[Images for object localization]
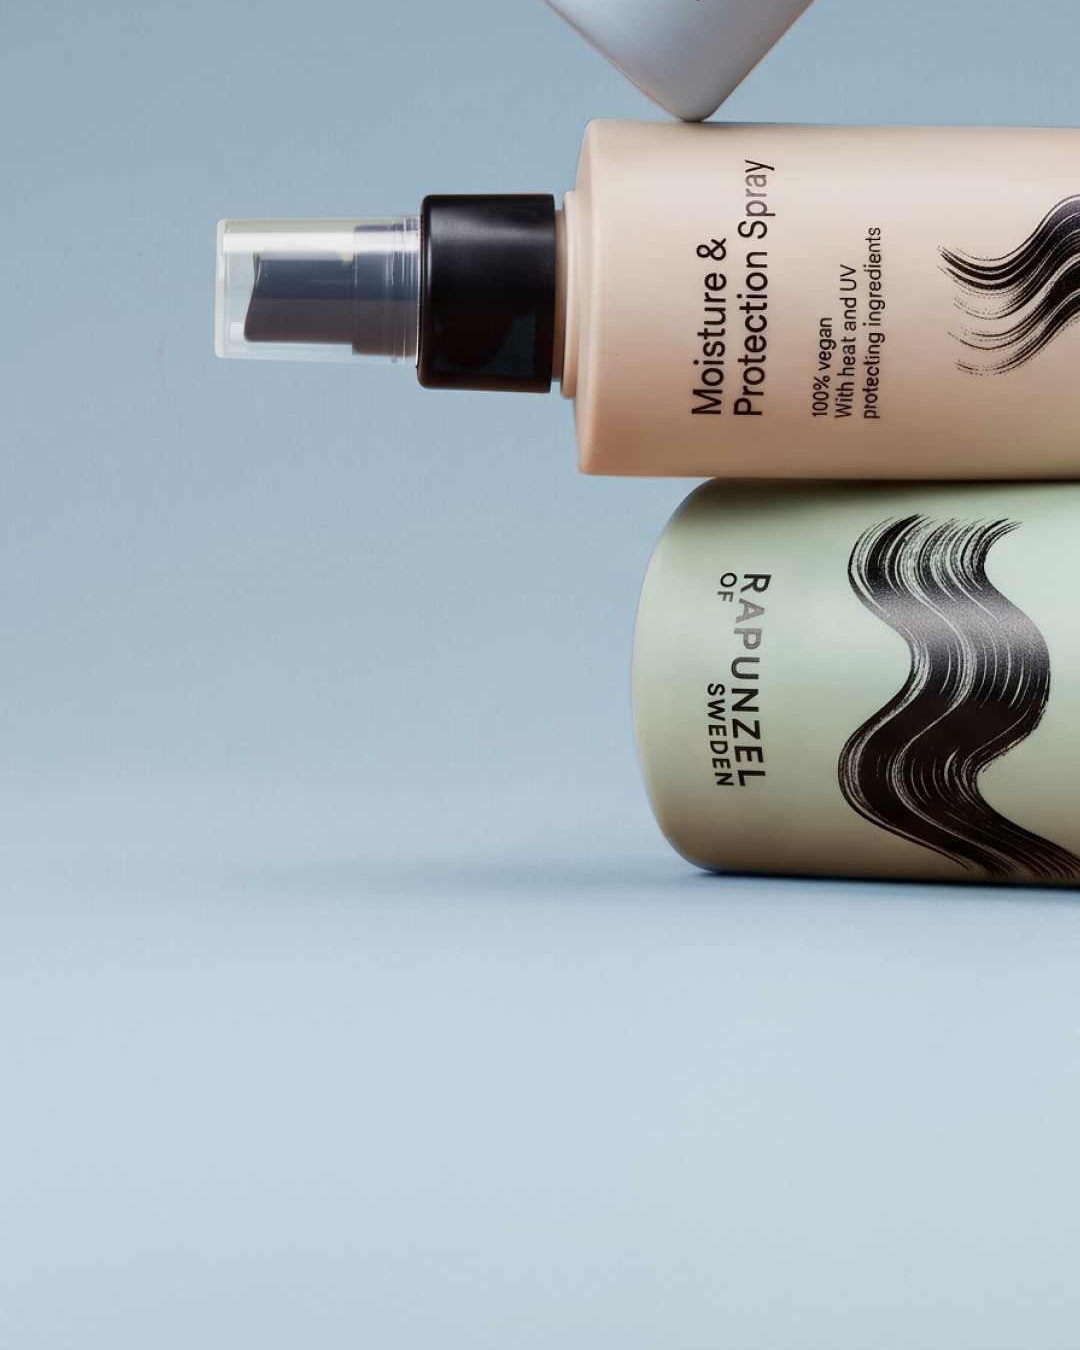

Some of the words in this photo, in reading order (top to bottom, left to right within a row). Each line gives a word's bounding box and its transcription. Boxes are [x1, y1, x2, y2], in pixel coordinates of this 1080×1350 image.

[737, 159, 776, 240] Spray
[696, 238, 727, 261] &
[863, 227, 886, 326] ingredients
[839, 264, 857, 292] UV
[733, 251, 768, 416] Protection
[839, 296, 857, 332] and
[691, 272, 727, 415] Moisture
[818, 317, 837, 372] vegan
[839, 337, 856, 377] heat
[812, 376, 831, 417] 100%
[835, 381, 854, 418] With
[863, 331, 885, 419] protecting
[717, 572, 737, 602] OF
[731, 573, 772, 786] RAPUNZEL
[707, 683, 735, 786] SWEDEN
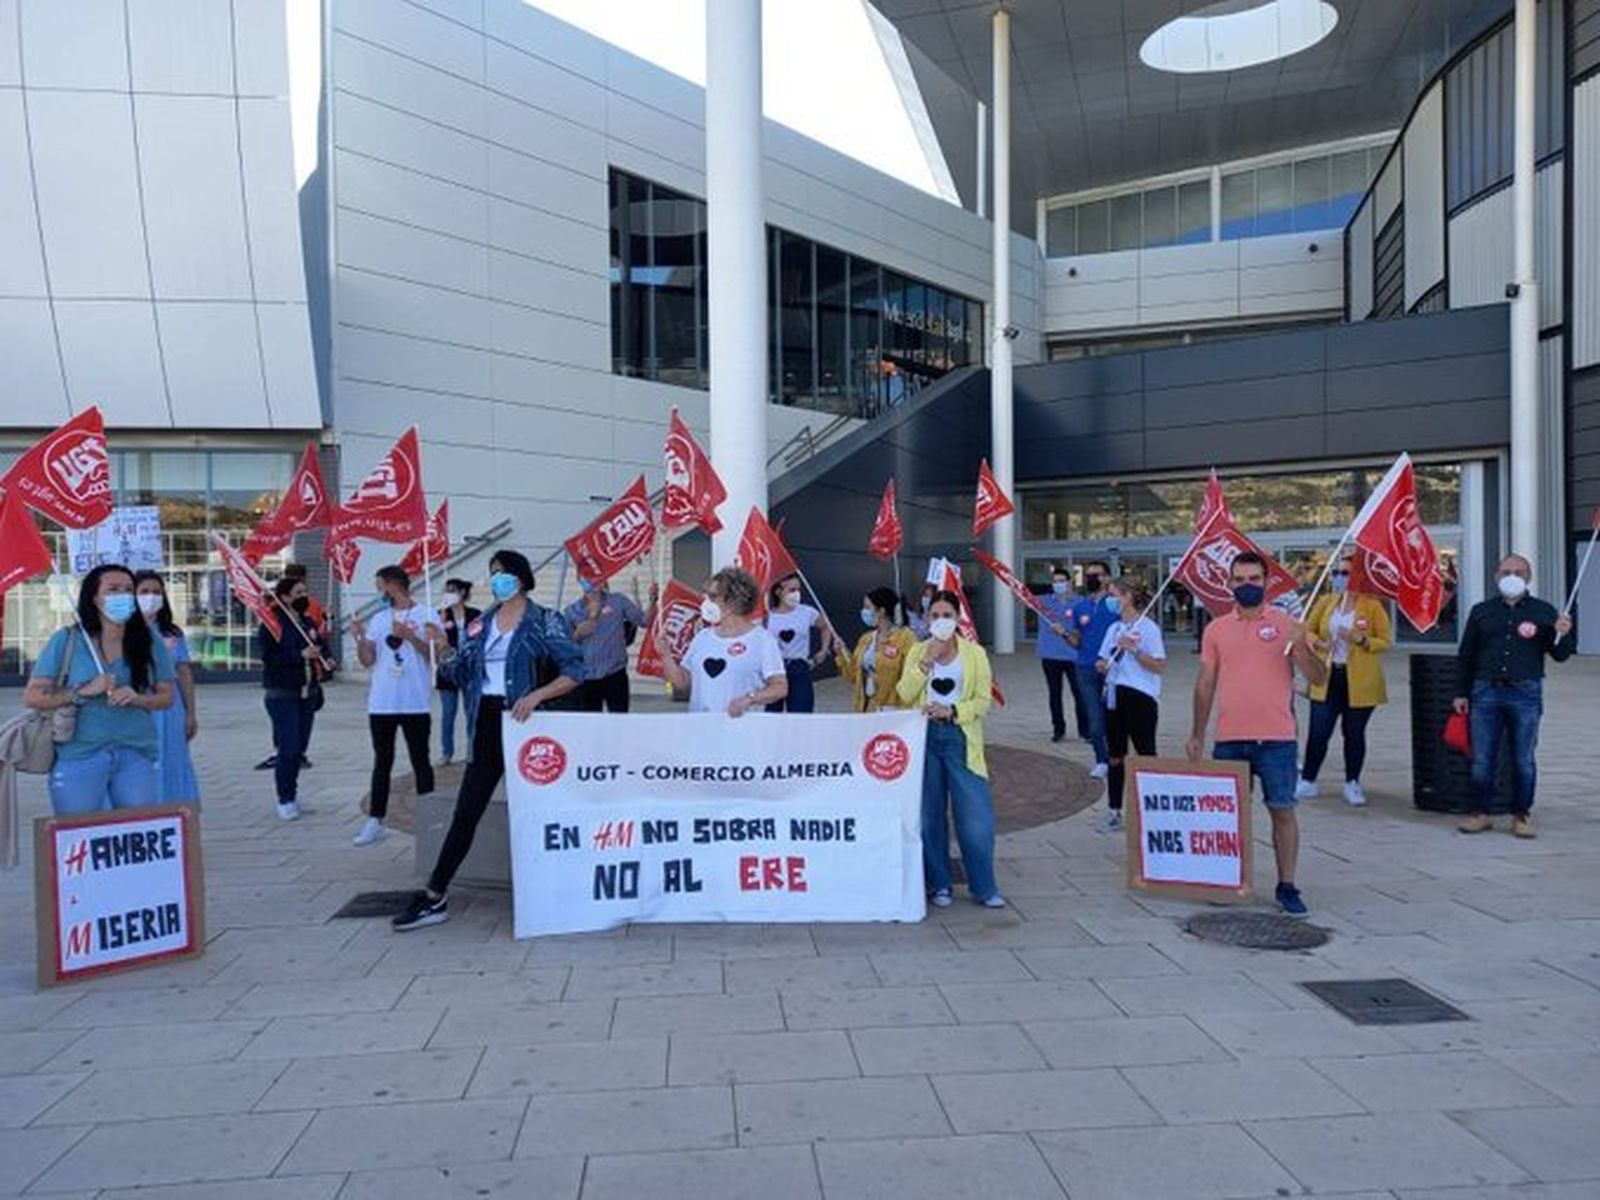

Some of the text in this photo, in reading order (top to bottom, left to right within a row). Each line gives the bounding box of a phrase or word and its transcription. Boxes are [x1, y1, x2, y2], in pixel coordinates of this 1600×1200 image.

[51, 436, 105, 491] UGT
[577, 765, 620, 781] UGT
[642, 765, 755, 781] COMERCIO
[761, 763, 854, 780] ALMERIA
[1144, 795, 1170, 811] NO
[545, 823, 580, 850] EN
[642, 820, 678, 844] NO
[693, 818, 776, 844] SOBRA
[790, 818, 856, 841] NADIE
[1147, 831, 1184, 854] NOS
[593, 857, 807, 900] NO AL ERE
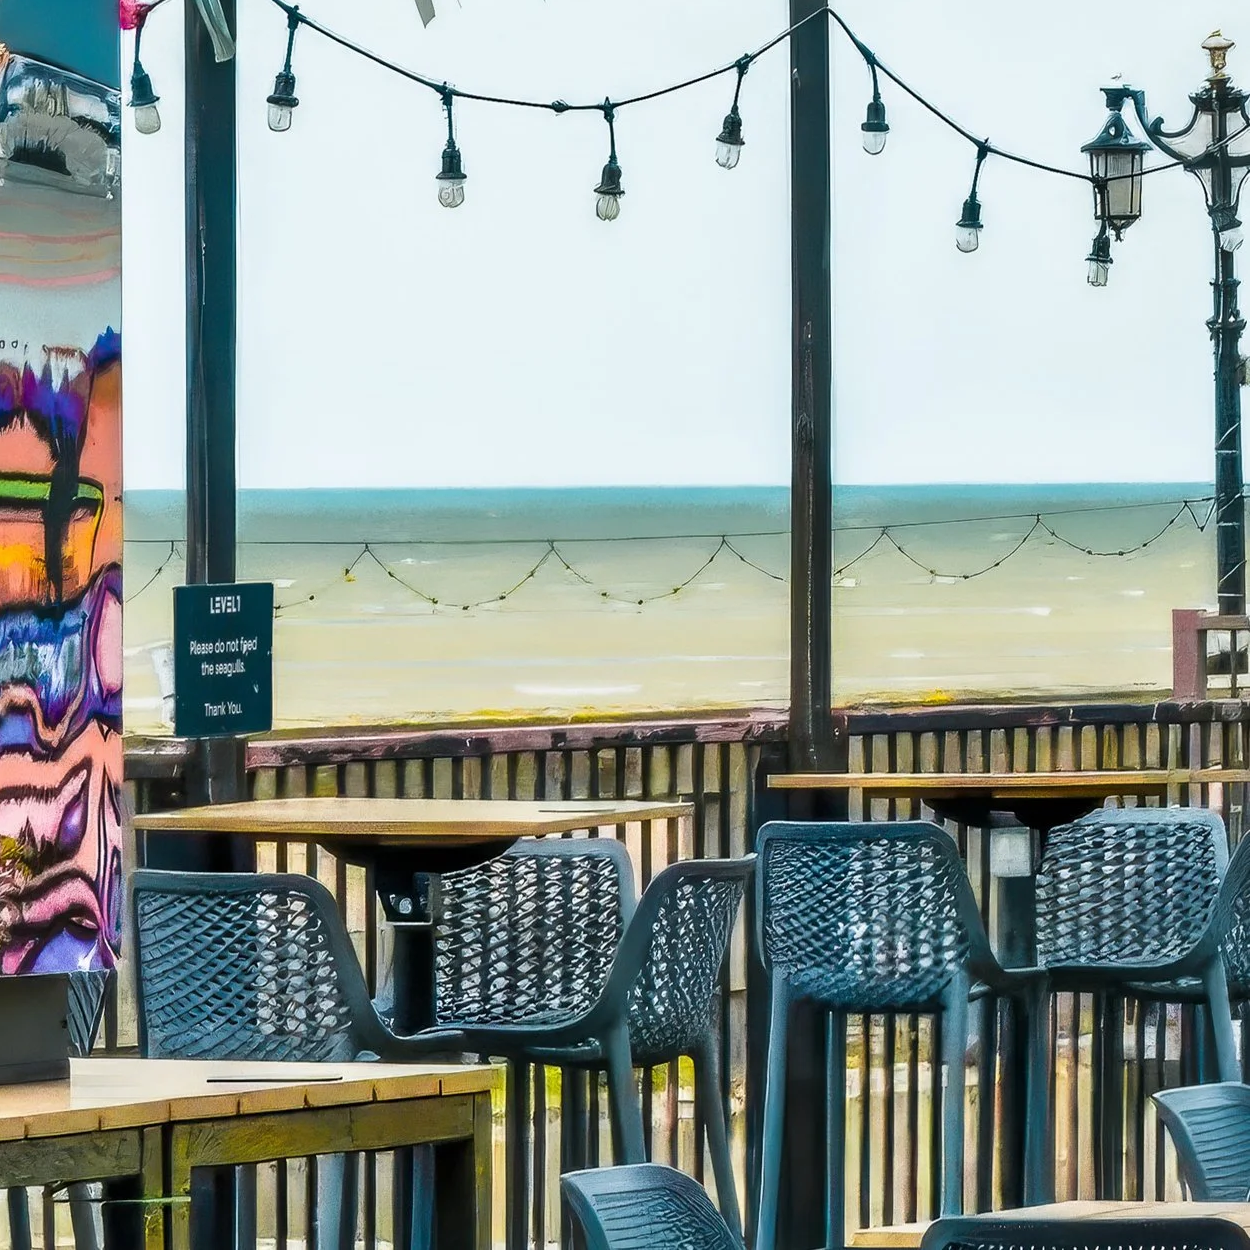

PROBLEM STATEMENT - Please copy, exactly as written, the lines from the one that contains "Some of the text" through the end of the records, both ends included. Do not include the pictures.

YOUR SOLUTION -
Some of the text in this photo, in reading order (top to bottom, left to right within a row). Each line gives the bounding box of a phrase or word and its transcription. Boxes are [x1, y1, x2, y2], in pixel coordinates of this 1600×1200 image.

[51, 436, 105, 491] UGT
[577, 765, 620, 781] UGT
[642, 765, 755, 781] COMERCIO
[761, 763, 854, 780] ALMERIA
[1144, 795, 1170, 811] NO
[545, 823, 580, 850] EN
[642, 820, 678, 844] NO
[693, 818, 776, 844] SOBRA
[790, 818, 856, 841] NADIE
[1147, 831, 1184, 854] NOS
[593, 857, 807, 900] NO AL ERE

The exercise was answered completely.